As can be seen from the figure, which can be verified by calculations, a quenching resistor is required high power which generates a lot of heat during operation.

Below is a diagram where a quenching capacitor is used instead of a resistor.

Using a capacitor as a ballast allows you to get rid of a powerful resistor and increase the efficiency of the circuit. Resistor R1 limits the current at the moment the circuit is turned on, R2 serves to quickly discharge the capacitor at the moment it is turned off. R3 further limits the current through the group of LEDs.

Capacitor C1 serves to dampen excess voltage, and C2 smoothes out power ripples.

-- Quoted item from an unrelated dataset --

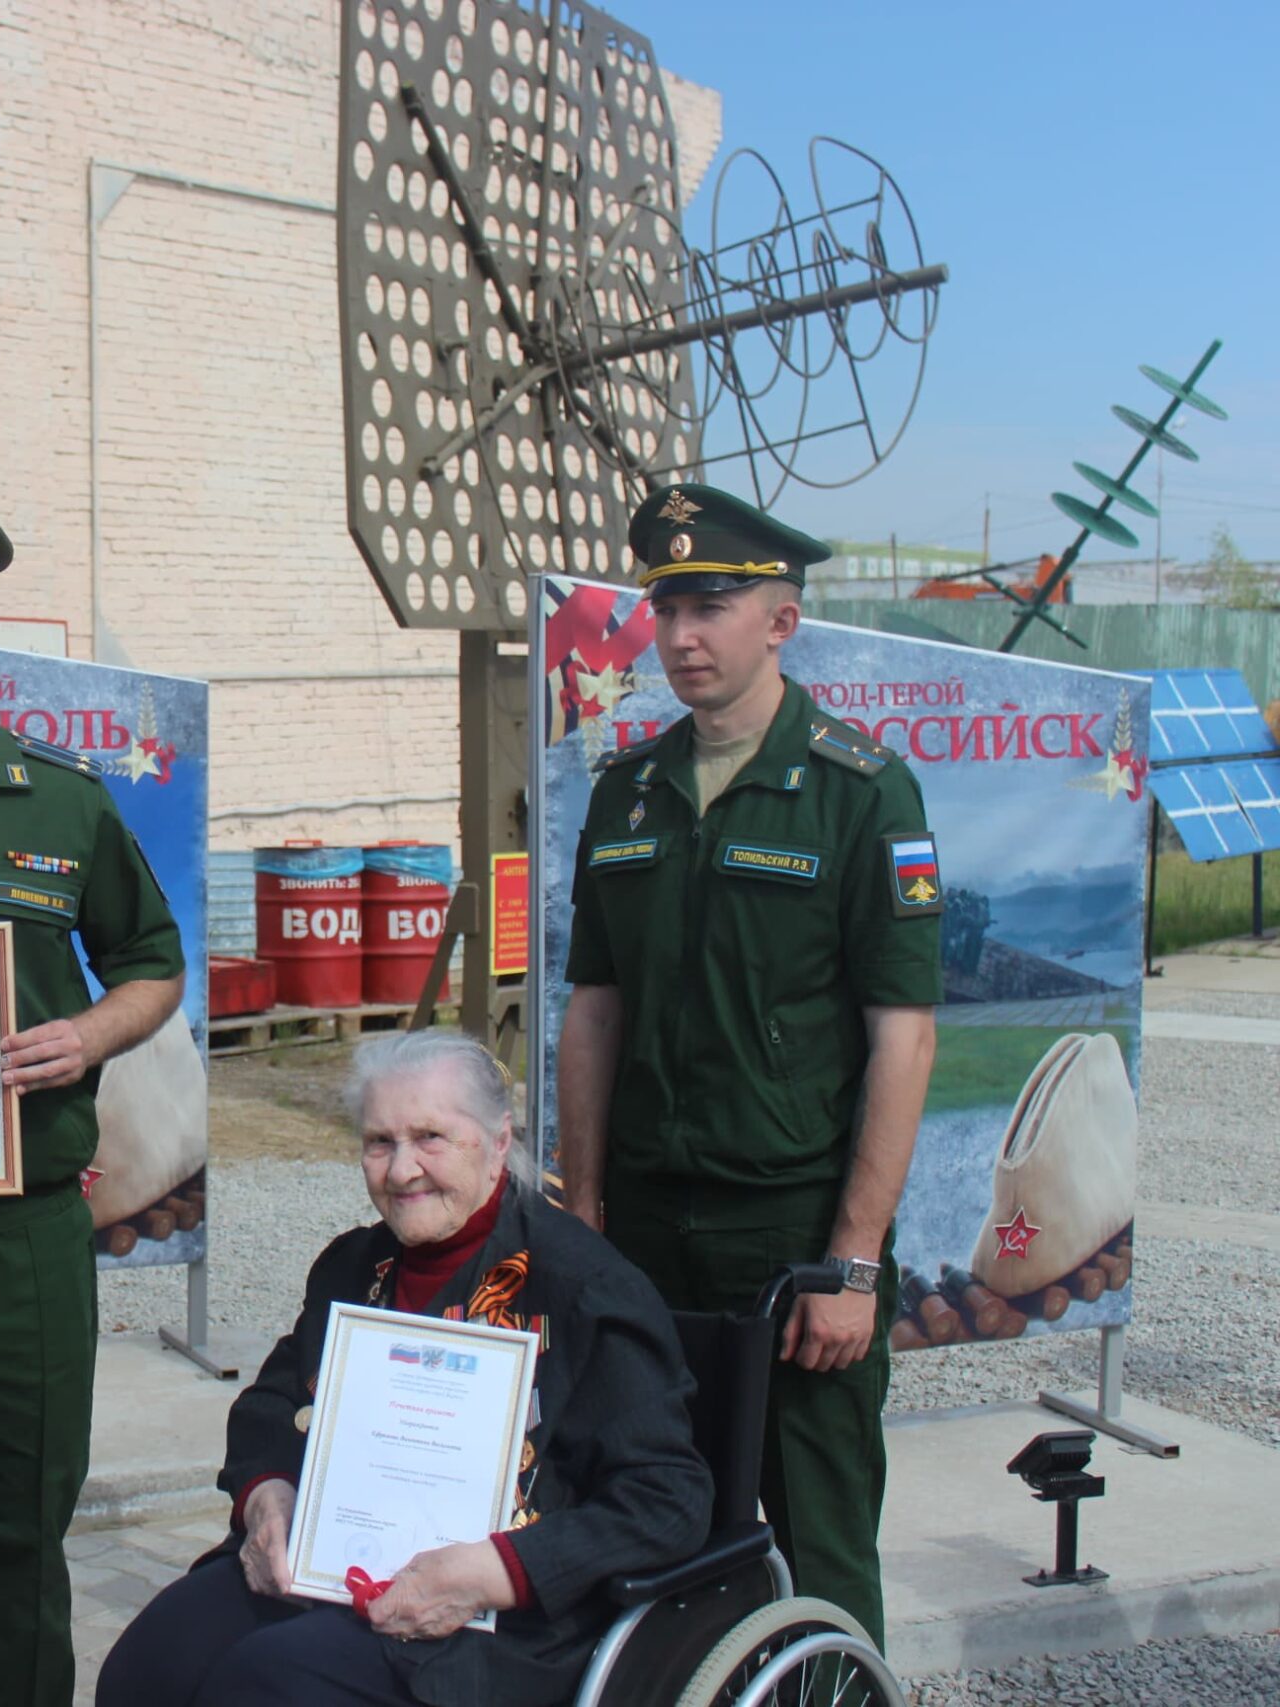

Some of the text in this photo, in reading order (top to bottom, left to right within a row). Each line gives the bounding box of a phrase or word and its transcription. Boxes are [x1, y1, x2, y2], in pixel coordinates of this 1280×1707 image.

[804, 676, 964, 712] РОД-ГЕРОЙ
[733, 850, 790, 868] ТОПИЛЬСКИЙ
[282, 907, 362, 944] ВОД
[388, 907, 448, 940] ВО

The diode bridge is formed by four diodes of the 1N4007 type, which can be soldered from an unusable energy-saving lamp.

The circuit calculation was made for HL-654H245WC LEDs with an operating current of 20mA. It is not excluded the use of similar elements with the same current.

Just as in the previous circuit, current stabilization is not provided here. In order to prevent the failure of the LEDs, in the ballast circuit for LED lamps, the capacitance of the capacitor C1 and the resistance of the resistor R3 are chosen with a margin so that at the maximum input voltage and elevated temperature of the LEDs, the current through them does not exceed the allowable values. In normal mode, the current through the diodes is somewhat less than the nominal one, but this practically does not affect the brightness of the lamp.

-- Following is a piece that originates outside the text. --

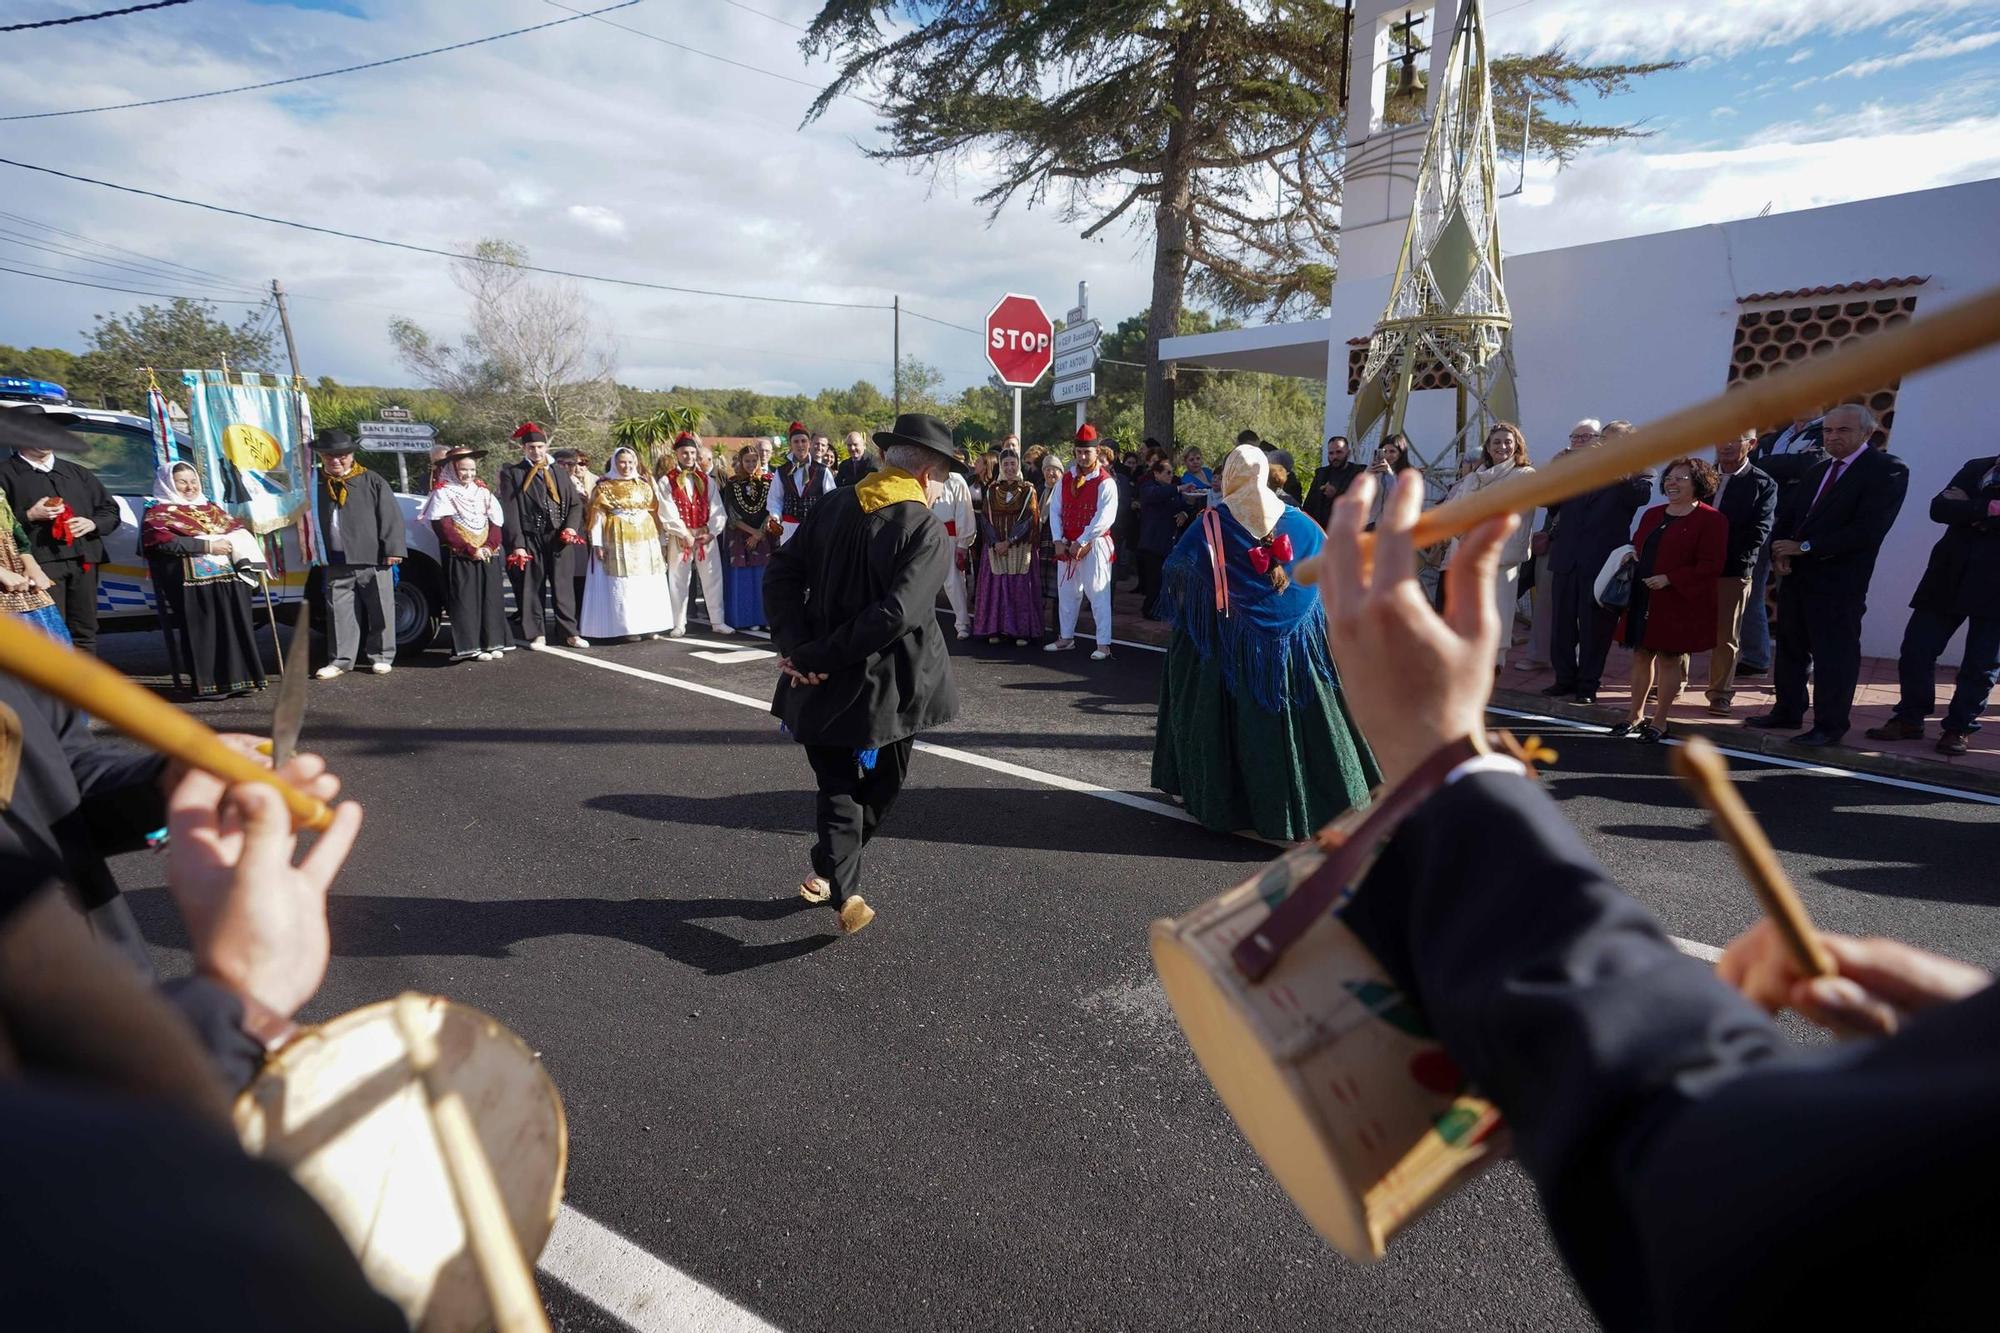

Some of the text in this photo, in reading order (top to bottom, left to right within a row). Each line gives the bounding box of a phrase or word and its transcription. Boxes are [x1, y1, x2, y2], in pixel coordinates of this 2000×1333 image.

The disadvantage of such a scheme is that the use of more powerful LEDs will require an increase in the capacitance of the quenching capacitor, which has large dimensions.

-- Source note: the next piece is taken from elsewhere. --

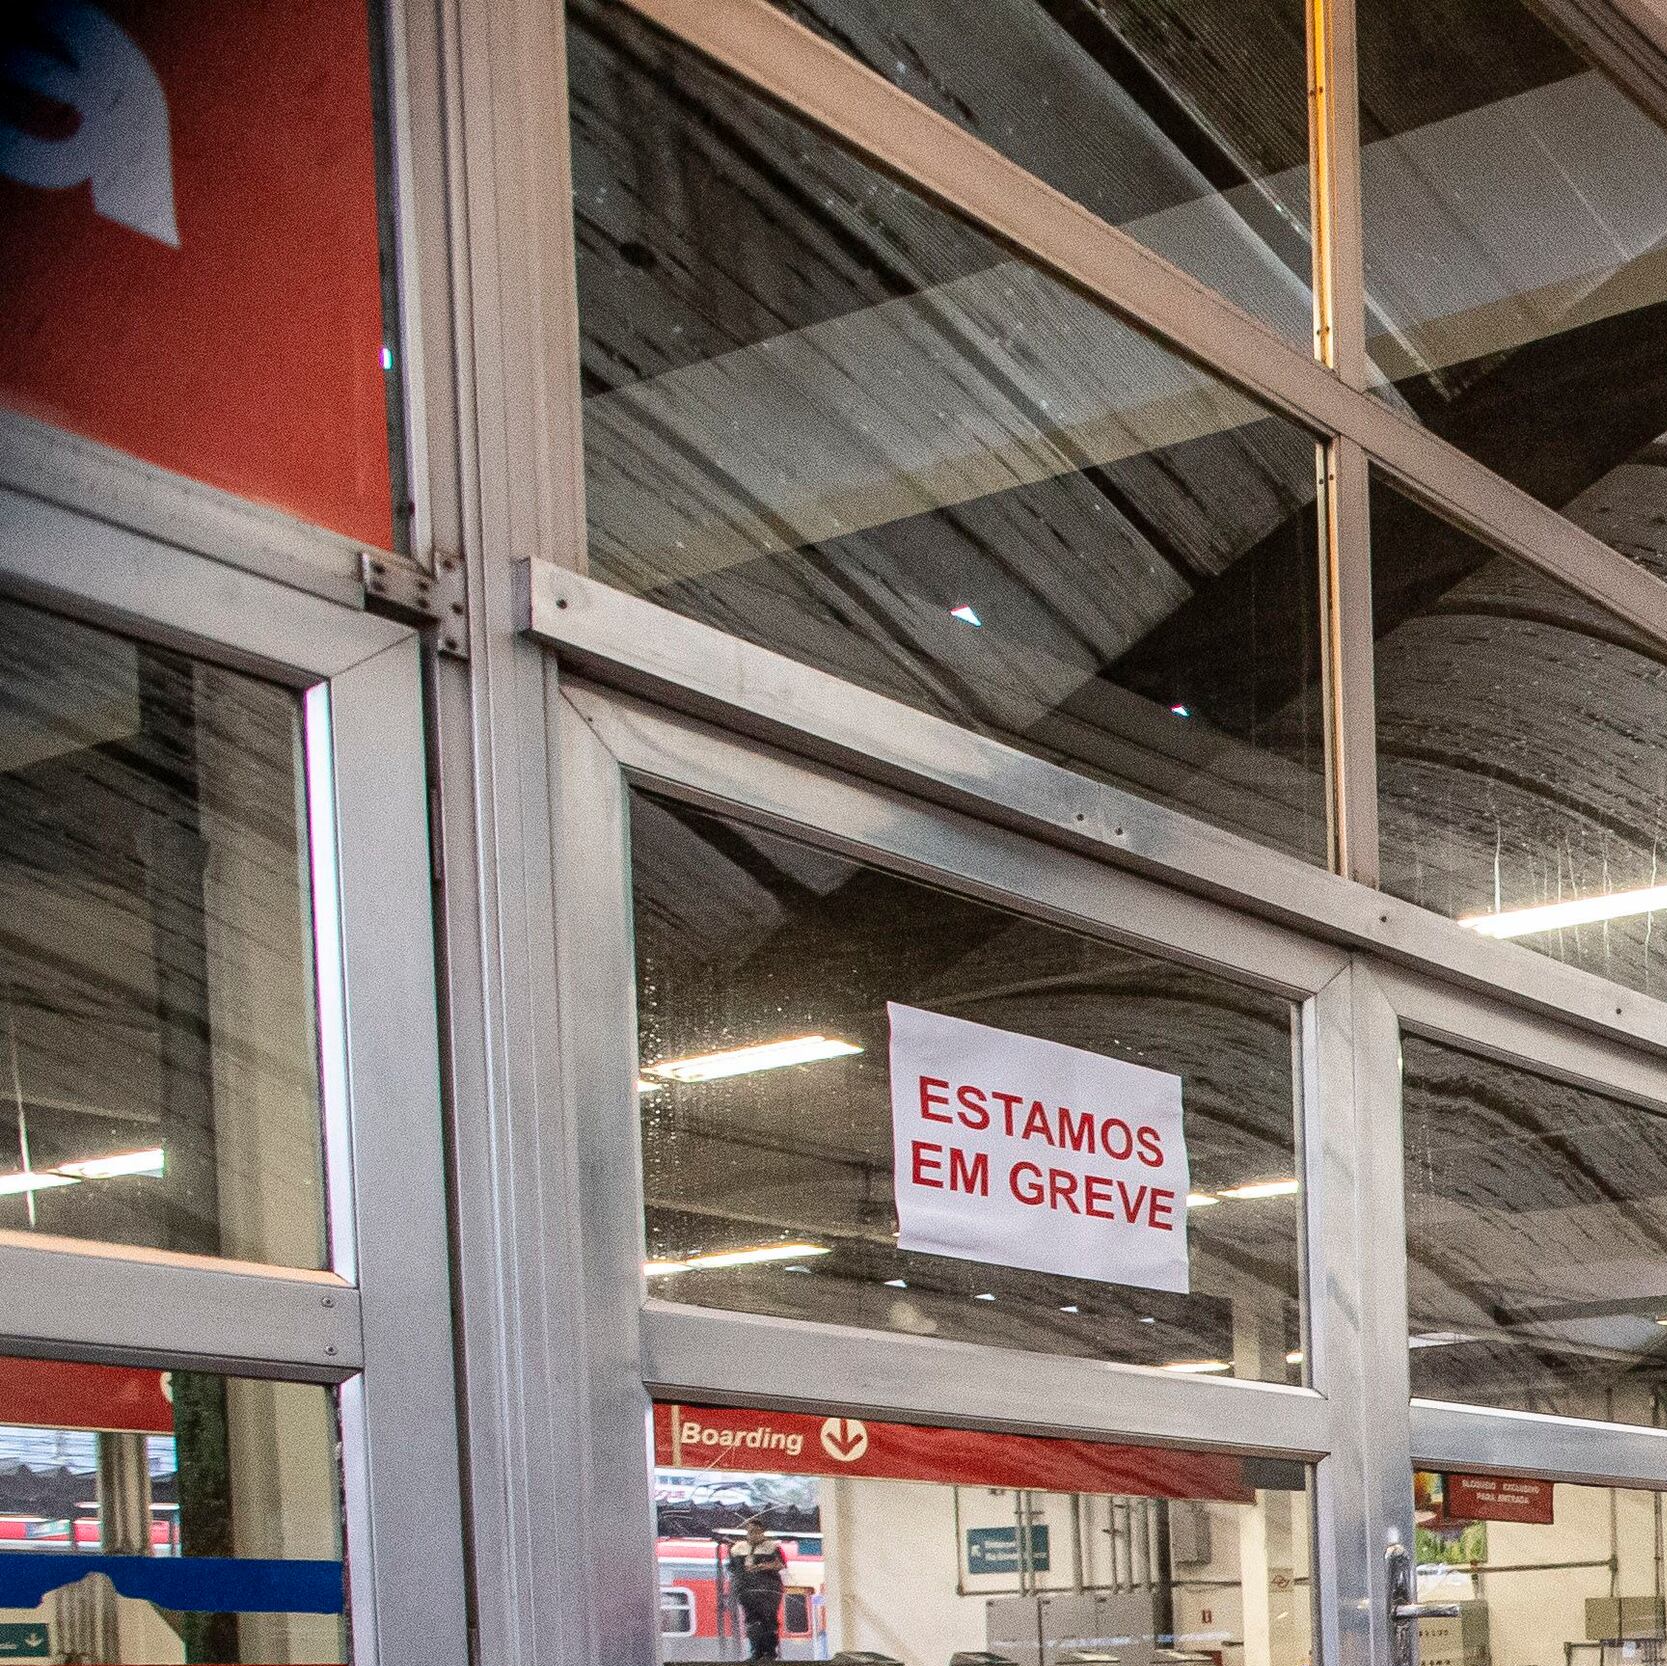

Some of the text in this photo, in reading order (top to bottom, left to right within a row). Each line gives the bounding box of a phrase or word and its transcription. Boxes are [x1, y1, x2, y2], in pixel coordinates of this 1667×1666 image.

Similarly, the LED strip is powered from the energy-saving lamp board. It is important that the current of the LED strip matches the line of LEDs, that is, 20mA.

Using an energy-saving lamp driver

A more reliable circuit is when a driver from an energy-saving lamp is used with minimal alterations. As an example, the figure shows the conversion of a 20W energy-saving lamp to power powerful LED with a current consumption of 0.9A.

Alteration of electronic ballast for LED lamps in this example minimal. Most of the elements in the circuit are left from the old lamp driver. The L3 choke has undergone changes and a rectifier bridge has been added. In the old circuit, a fluorescent lamp was connected between the right terminal of the capacitor C10 and the cathode of the diode D5.

Now the capacitor and diode are connected directly, and the inductor is used as a transformer.

Alteration of the inductor consists in winding the secondary winding, from which the voltage will be removed to power the LED.

Without disassembling the inductor, you need to wind 20 turns of enameled wire with a diameter of 0.4mm around it. When turned on, the open circuit voltage of the newly made winding should be about 9.5–9.7V. After connecting the bridge and the LED, the ammeter included in the power supply of the LED element should show about 830-850mA. A greater or lesser value requires correction of the number of turns of the transformer.

Diodes 1N4007 or similar can be used from another failed lamp. Diodes in housekeepers are used with a large margin of current and voltage, so they rarely fail.

All the above LED driver circuits from an energy-saving lamp, although they provide low-voltage power, have a galvanic connection with the network alternating current, so when working on debugging, you need to take precautions.

It is best and safest to use a separating transformer with the same primary and secondary windings during operation. Having the same 220V at the output, the transformer will provide reliable galvanic isolation of the primary and secondary circuits.